Жернова. 1918–1953. Клетка | страница 13
Чем ближе подходили к заимке, тем чаще Плошкин останавливался, прислушивался и принюхивался: он опасался, что на заимке могут оказаться люди. Правда, в прошлом году его и еще двоих послали туда запасать рыбу только в середине июня, то есть в самый разгар хода лосося-горбуши. А сейчас только начало мая, но то было в прошлом году, а раз на раз не приходится — могут послать и раньше. Однако со стороны заимки не доносилось ни звука, ни разу не пахнуло дымком.
Когда до цели осталось метров двести, Плошкин положил свою бригаду среди замшелых каменных глыб, взял с собой Пашку Дедыко, которому доверял больше других, и каменистым распадком, в котором торжествующе гремел ручей, подобрался к самой заимке.
Низкая избушка, сложенная из лиственничных бревен, накрытая тесом и корой, была пуста.

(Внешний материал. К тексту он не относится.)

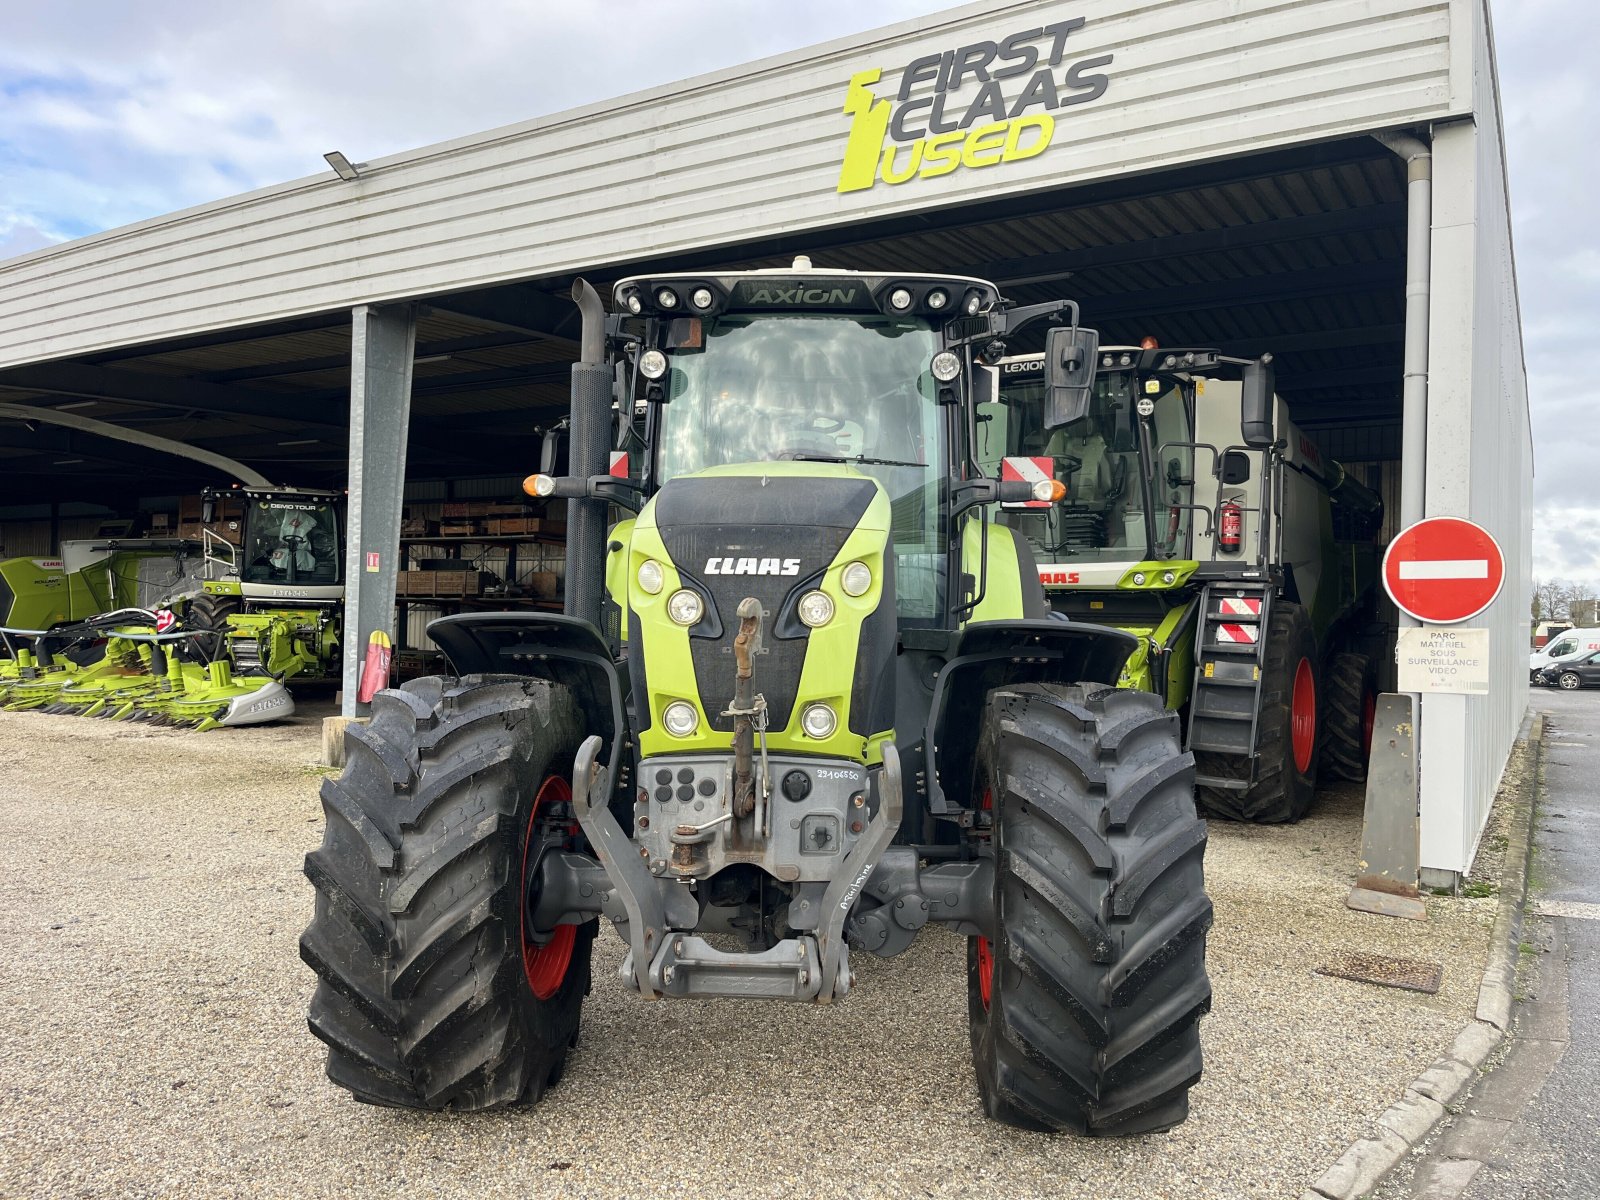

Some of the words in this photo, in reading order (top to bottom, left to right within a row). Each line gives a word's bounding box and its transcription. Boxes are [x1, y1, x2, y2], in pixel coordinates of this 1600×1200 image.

Об этом говорил весь ее нежилой вид: подпертая толстой слегой и заваленная камнями дверь, наглухо забитые маленькие окошки.
— Значица, так, Павлуха, — заговорил Плошкин, не отводя взгляда от заимки, впервые обращаясь к парню по имени. — Ты давай топай туды, отопри заимку, а я покудова приведу остальных. — С этими словами он протянул Пашке кайло и поощрительно похлопал его по плечу. — Счас затопим печь, отогреемся, обсушимся, наловим рыбы — тут тьма ее, наедимся, а там и порешим, что делать. — И дальше веско и наставительно: — Мы с тобой, паря, обои крестьянского роду-племени, не то что энти антеллигенты паршивые, нам надоть держаться вместях. Смекаешь?
— Смекаю, дядько Сидор. Так це… так це выходить, що мы як бы утекаем, як бы у бегах?
— Выходит, что так, Павлуха. А тебе что, охота на нары? Охота в забой? — Голос Плошкина, до этого доброжелательный, опять наполнился угрозой.
— Та ни-и, чого я тамо нэ бачив? А тильки, дядько Сидор, споймають нас та й повяжуть.
— Так мы ж под обвалом, голова садовая! Соображать надоть! Пока они все раскопают, мы уже где будем? А? Аж на Байкале! Или на Амуре! Во где! Не повяжут! — решительно подвел итог Плошкин и поднялся на ноги.
Как Плошкин и ожидал, его отсутствие не прошло даром: еще издали он заметил, что Каменский, Пакус, студент-рабфаковец и грузин сидят тесной кучей, голова к голове, и о чем-то совещаются. Плошкин пожалел, что не предусмотрел возможности подслушать их разговор, а то надо было бы оставить этих четверых вон в той щели: во-первых, можно подобраться к заговорщикам вплотную; во-вторых, шум ручья не заглушал бы слова.
Глядя, как что-то торопливо говорит Пакус и как внимательно его слушают остальные, Плошкин вдруг испытал такую лютую ненависть к этим людям, что если бы не обстоятельства, не раздумывая проломил бы всем четверым головы. Эти антеллигенты — они только тем и занимаются, что портят людям жизнь, сбивая их с толку своими хитрыми рассуждениями; это по их милости сбросили царя, устроили разор по всей России, загнали людей в колхозы, морят народ голодом; это по их милости Плошкин оказался в Сибири, оторван от своего семейства и доведен до такого вот скотского состояния.